Default installation collects Kubernetes logs.

## Kubernetes events

Kubernetes events provide a rich source of information. These objects can be used to monitor your application and cluster state, respond to failures, and perform diagnostics. The events are generated when the cluster's resources—such as pods, deployments, or nodes—change state.

Whenever something happens inside your cluster, it produces an events object that provides visibility into your cluster. However, Kubernetes events don't persist throughout your cluster lifecycle, as there's no mechanism for retention.
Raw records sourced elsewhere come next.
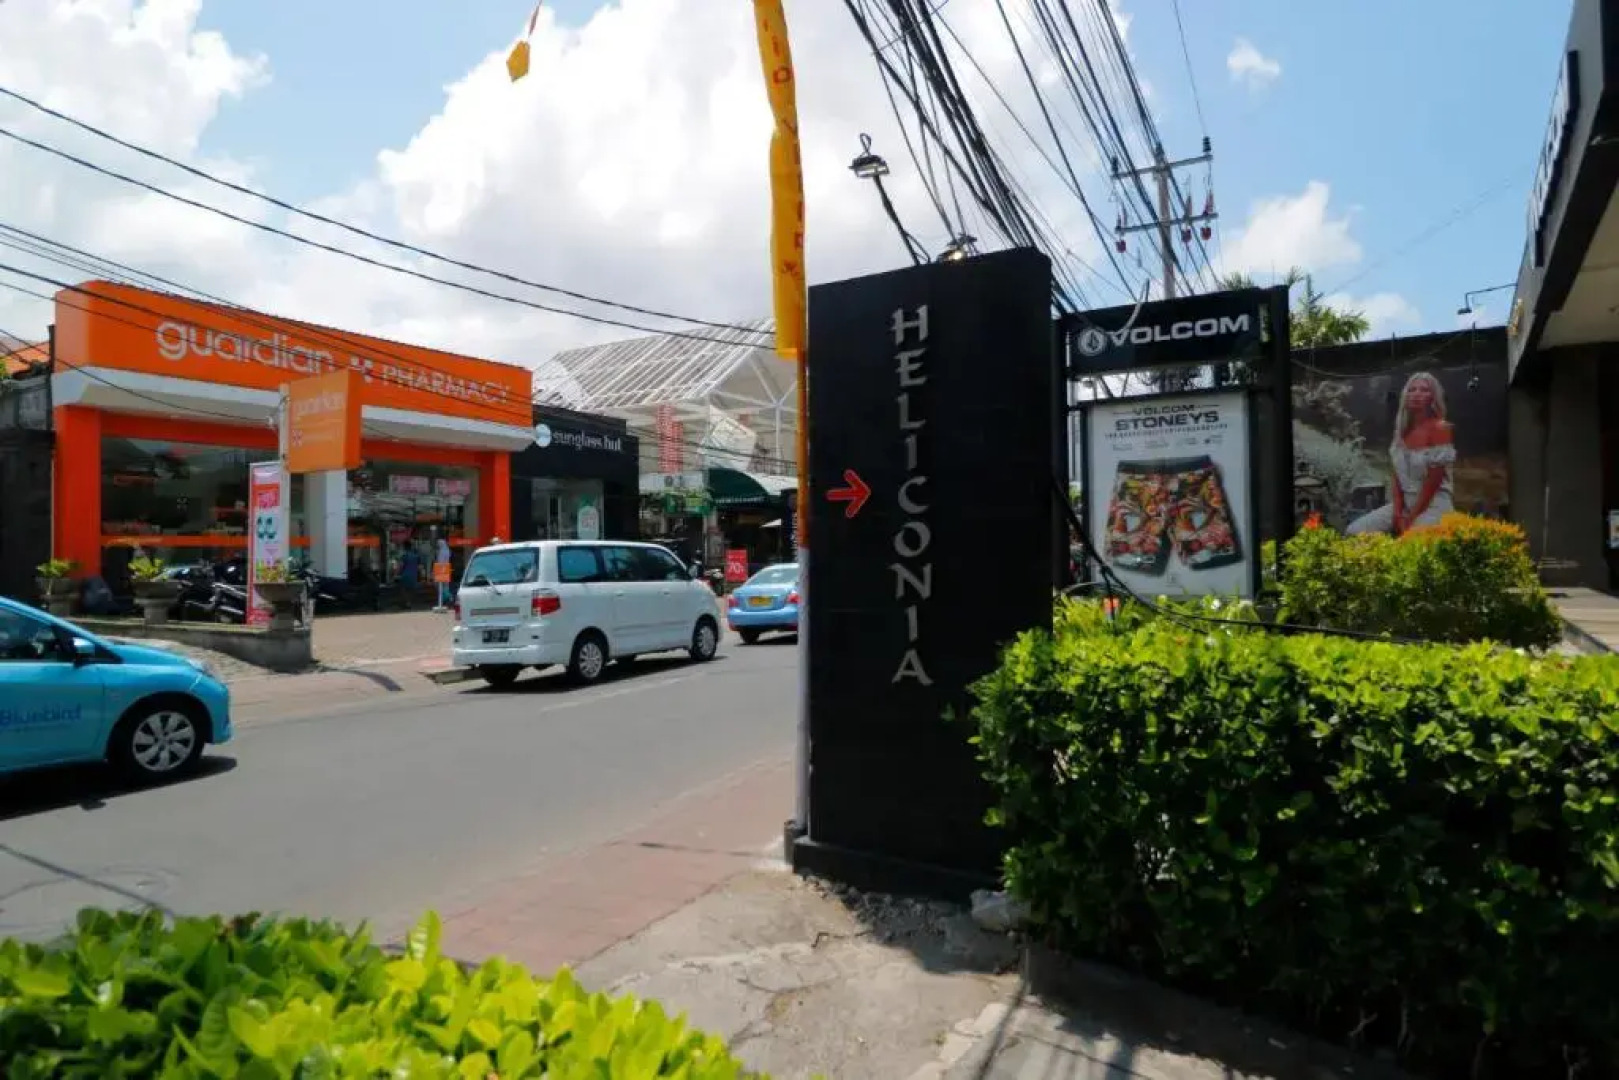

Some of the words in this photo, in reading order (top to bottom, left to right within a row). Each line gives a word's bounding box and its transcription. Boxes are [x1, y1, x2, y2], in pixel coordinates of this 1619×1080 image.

[156, 320, 336, 374] guardian
[1105, 313, 1250, 347] VOLCOM
[1115, 410, 1220, 431] STONEYS
[1132, 404, 1196, 416] VOLCOM
[890, 304, 935, 687] HELICONIA
They're short-lived and only available for one hour after the event is generated.

With that in mind we're configuring an OpenTelemetry receiver to collect Kubernetes events and ship them to the `kube-events` subSystem so that you can leverage all the other features such as dashboard and alerting using Kubernetes events as the source of information.

On the OpenTelemetry config, you will find a new pipeline named `logs/kube-events`, which is used to collect, process, and export the Kubernetes events to Coralogix.

### Cleaning the data

By default, there's a transform processor named `transform/kube-events` which is removing some unneeded fields, but feel free to override this and add back some fields or even remove fields that are not needed at all on your specific use case.

### Filtering events

On large-scale environments, you may have hundreds or even millions of events per hour, and maybe you don't need all of them, with that in mind you can leverage another OpenTelemetry processor to filter the events and don't send it to Coralogix, below you can find a config sample.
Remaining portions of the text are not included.